容態は次第に悪化し、四月に小渕が倒れたとの一報を聞いたことも手伝い引退を決意する。平成十二(2000)年五月一日、病床で録音した竹下の引退宣言のテープを、当時の小渕派の最高幹部たちが本人不在のなかで記者会見において発表した。
そこで次回の衆議院議員選挙に立候補しないことを表明し、政界からの引退を宣言した。引退表明後は議員でなくなったことで気力が失われたのか急激に弱っていったという。

 白金の北里病院に入院とされていた竹下登はすでに政界を引退していたが、小渕内閣のもとの不安定な政局を憂うる世間がその動静に世間が注目していたのは当然である。

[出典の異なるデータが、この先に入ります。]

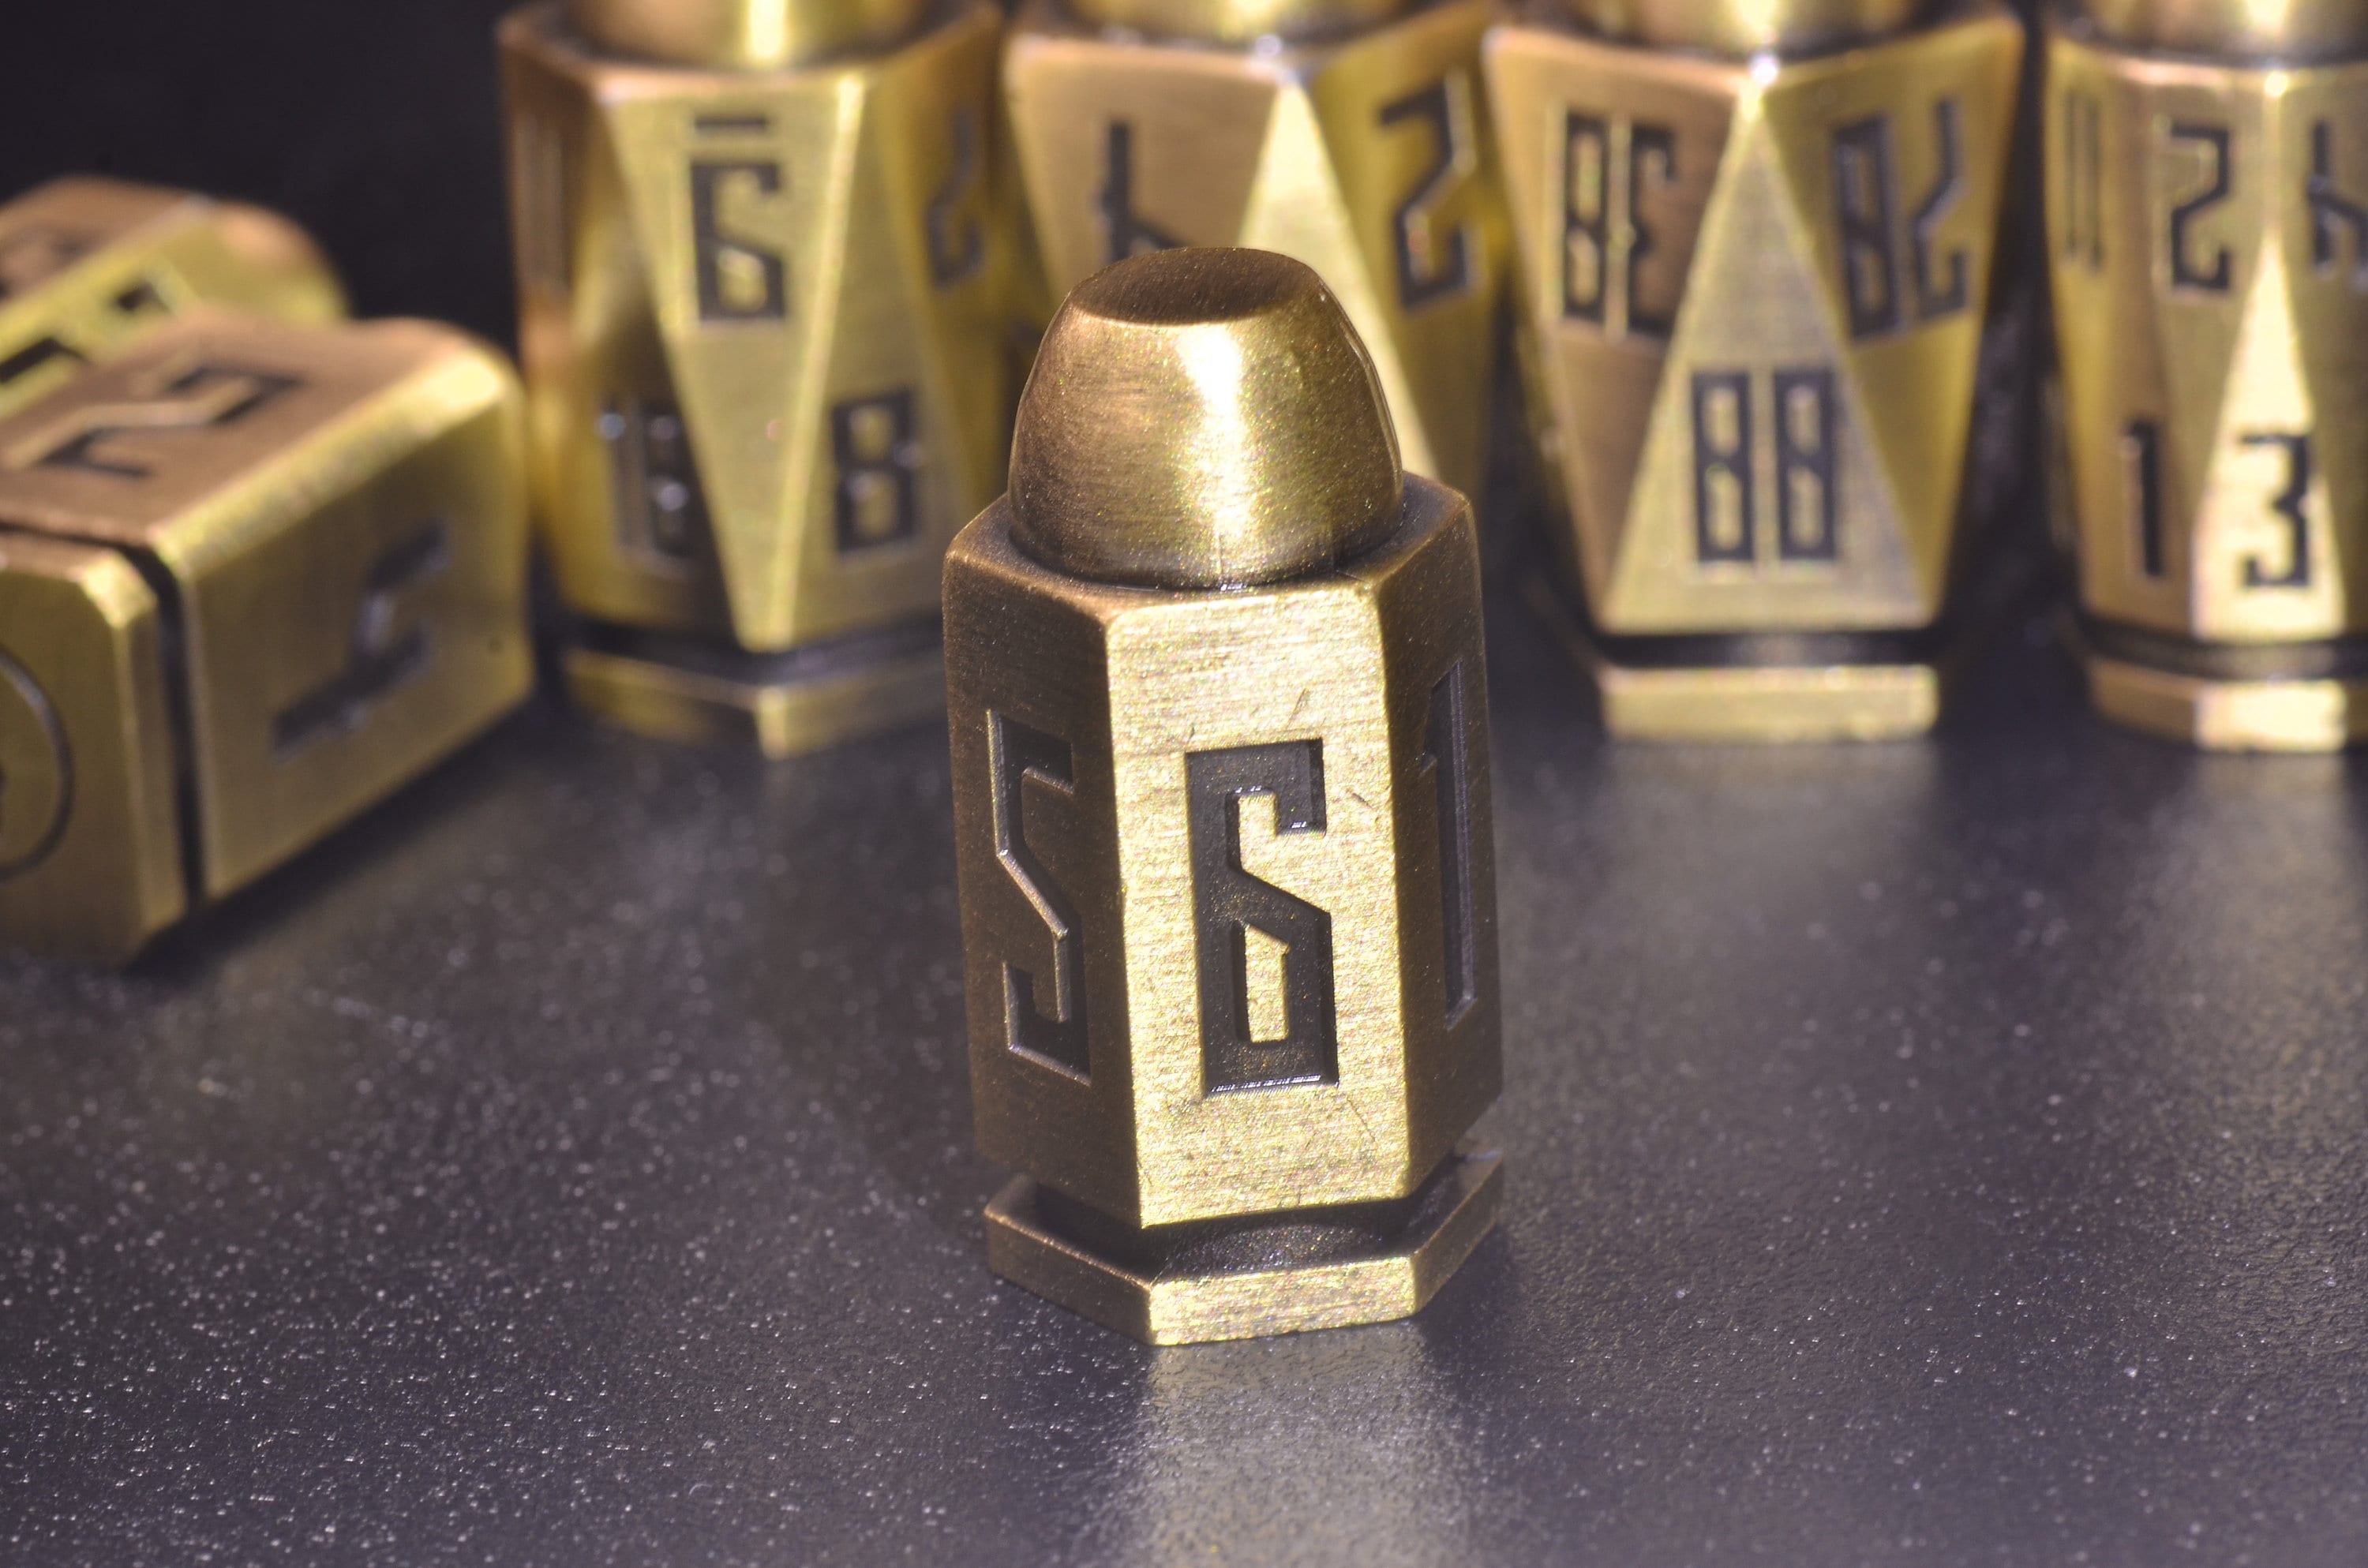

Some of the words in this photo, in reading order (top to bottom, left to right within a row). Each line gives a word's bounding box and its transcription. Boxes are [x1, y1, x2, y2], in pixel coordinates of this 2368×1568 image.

 徳川家から引き取った奉天秘宝などの処分を、竹下登生存中は先送りと決めていたわたしは、偽装死した竹下登の薨去を小渕恵三政体がいついかなる形で公式発表するか気をもんでいたところ、本願寺忍者の斉藤敏一郎が「そもそもこんなときは、世間が大きな事件で混乱している時を待っておって、ここやという時に出してくるんですわ」と説明してくれた。
 平成十二(2000)年四月二日に倒れた首相小渕恵三が担ぎ込まれた東大病院で人事不省の中森喜朗が後継首相となり、かすかに遺言を聴き取った参院議員青木幹雄が臨時首相代理として議会解散を宣言し、六月二十五日が選挙日となる慌ただしさのなか、六月十六日に香淳皇后が崩御される。
 斉藤の言う時が来たのである。選挙戦最中の六月十九日、はたして竹下登の死去が発表されたが、前後して毎日新聞の報道があった。「看護婦に変装した同社の女性記者が北里病院に潜入し、病室における竹下の動静を観察してきた」とのことで、「竹下さんは元気で、衆院選挙の動向をテレビで見ていた。なお病名は噂される膵臓がんではなく変形性脊椎症と断言したが、公式発表では膵臓癌ということであった。
 つまり、毎日新聞の記事は、「竹下登は膵臓がんでなく変形脊椎症により入院中で病状はそう悪くない」との虚偽事実を報道するのが目的であった。となれば、女性記者が看護婦に変装して潜入などは、当然ながらウソと思った。そもそも北里病院のセキュリテイがそんなに甘いものでないことは、一年前にわたしが確認していたのである。
 実際の死去日から一年二カ月余り後の日が竹下登の公式な薨去日として発表された。これでわたしは緊張を緩めたが、それにしても何のための偽装生存だったのか。今になっても分らないが、世上ではCIAに殺害されたとの噂が根強いから、やはりその方面かと思う。
 噂だけでなく、平成九年頃にさる極めて有力な方面から聴いていたことと、状況的に符合するからである。本稿の流れとも深く関係することであるから、思い切って述べようか。
 「落合さんはどう思っているか知らないが、竹下さんは、ホントはコワい人だよ。竹下さんが今やっているのは、中国の経済を日本の力で大きくしてやることだ」とのことで、そのあとに続いたのが次のことばであった。
 「中国人の図体に日本人の頭が乗っかった場合には、到底勝てないと、アメリカは知っているよ。だから馬鹿なフリをしながら進めている竹下さんは本当はコワい人なんだよ」
 それまでのわたしは極めて浅薄な思考に捉われるだけで洞察力を発揮したことがなかった。竹下さんには新幹線の車中で一度だけ見かけただけであるが、正直言ってその人を軽く見ていた。理由は竹下さんの学歴と職歴を表面だけ見たからにすぎないのである。
 当初はそこまで感じなかった「竹下コワい」の一言の意味が、右の偽装生存の過程を観察することでわたしの中で次第に重きをなしてきた。「洞察がすべてに勝る」との考えが芽生えたのである。

 以後のわたしは、竹下登こそ吉田・岸・佐藤・田中など歴代首相中の大物より一段高い存在、と観るようになった。七月に薨去された安倍晋三氏との比較については、未だその段階に非ず、というだけにしたい。